> _WHAT TO WORK ON_
Leave out each picture. Repeat everything else in the records exactly.

> _MATERIAL PROVIDED_

========================================

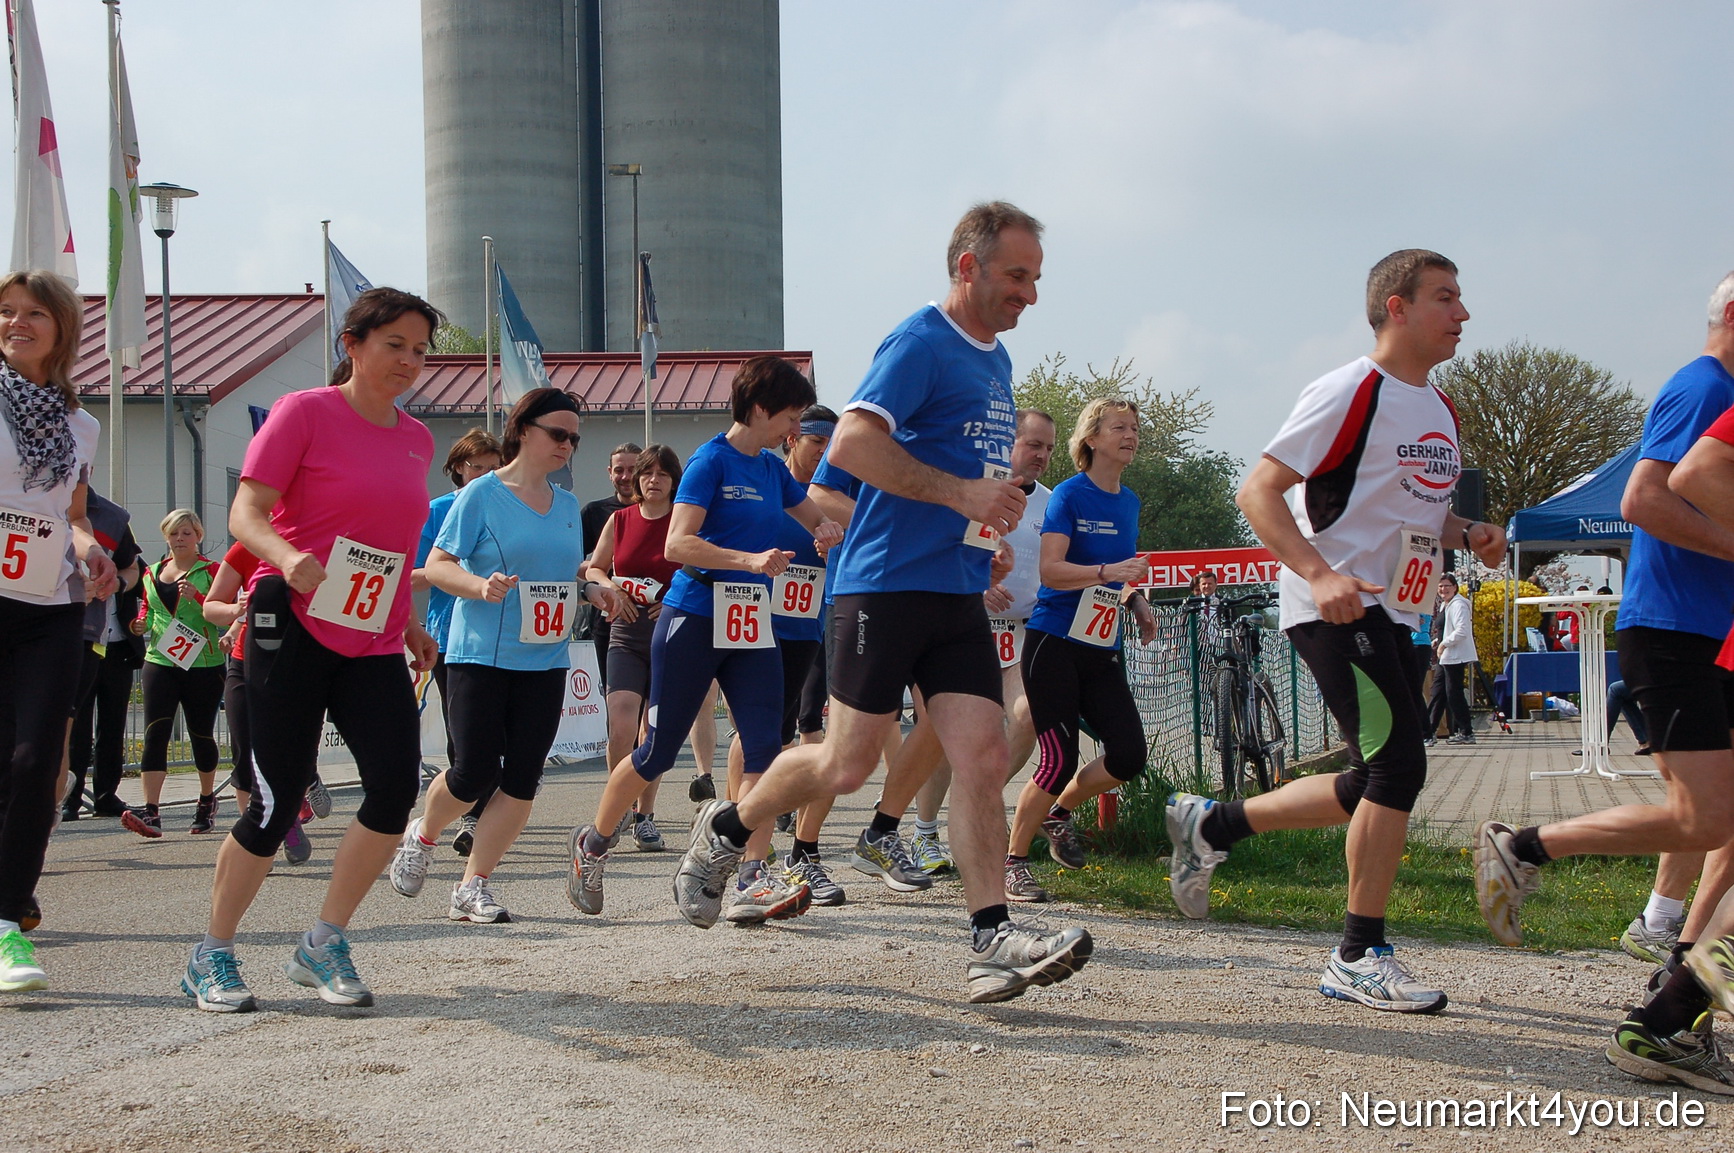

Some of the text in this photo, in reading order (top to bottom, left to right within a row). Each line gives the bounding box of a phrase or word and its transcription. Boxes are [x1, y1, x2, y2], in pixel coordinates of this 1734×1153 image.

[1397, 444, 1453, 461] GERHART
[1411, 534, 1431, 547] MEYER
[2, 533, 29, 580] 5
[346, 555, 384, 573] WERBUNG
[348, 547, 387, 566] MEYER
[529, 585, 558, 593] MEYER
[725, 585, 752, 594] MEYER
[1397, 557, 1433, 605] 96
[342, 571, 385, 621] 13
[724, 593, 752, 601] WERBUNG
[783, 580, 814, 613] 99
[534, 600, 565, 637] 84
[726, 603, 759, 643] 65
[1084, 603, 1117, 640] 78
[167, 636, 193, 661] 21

========================================

> _PROBLEM SOLUTION_
Some of the text in this photo, in reading order (top to bottom, left to right within a row). Each line gives the bounding box of a phrase or word and its transcription. Boxes are [x1, y1, x2, y2], in pixel coordinates of this 1734×1153 image.

[1397, 444, 1453, 461] GERHART
[1411, 534, 1431, 547] MEYER
[2, 533, 29, 580] 5
[346, 555, 384, 573] WERBUNG
[348, 547, 387, 566] MEYER
[529, 585, 558, 593] MEYER
[725, 585, 752, 594] MEYER
[1397, 557, 1433, 605] 96
[342, 571, 385, 621] 13
[724, 593, 752, 601] WERBUNG
[783, 580, 814, 613] 99
[534, 600, 565, 637] 84
[726, 603, 759, 643] 65
[1084, 603, 1117, 640] 78
[167, 636, 193, 661] 21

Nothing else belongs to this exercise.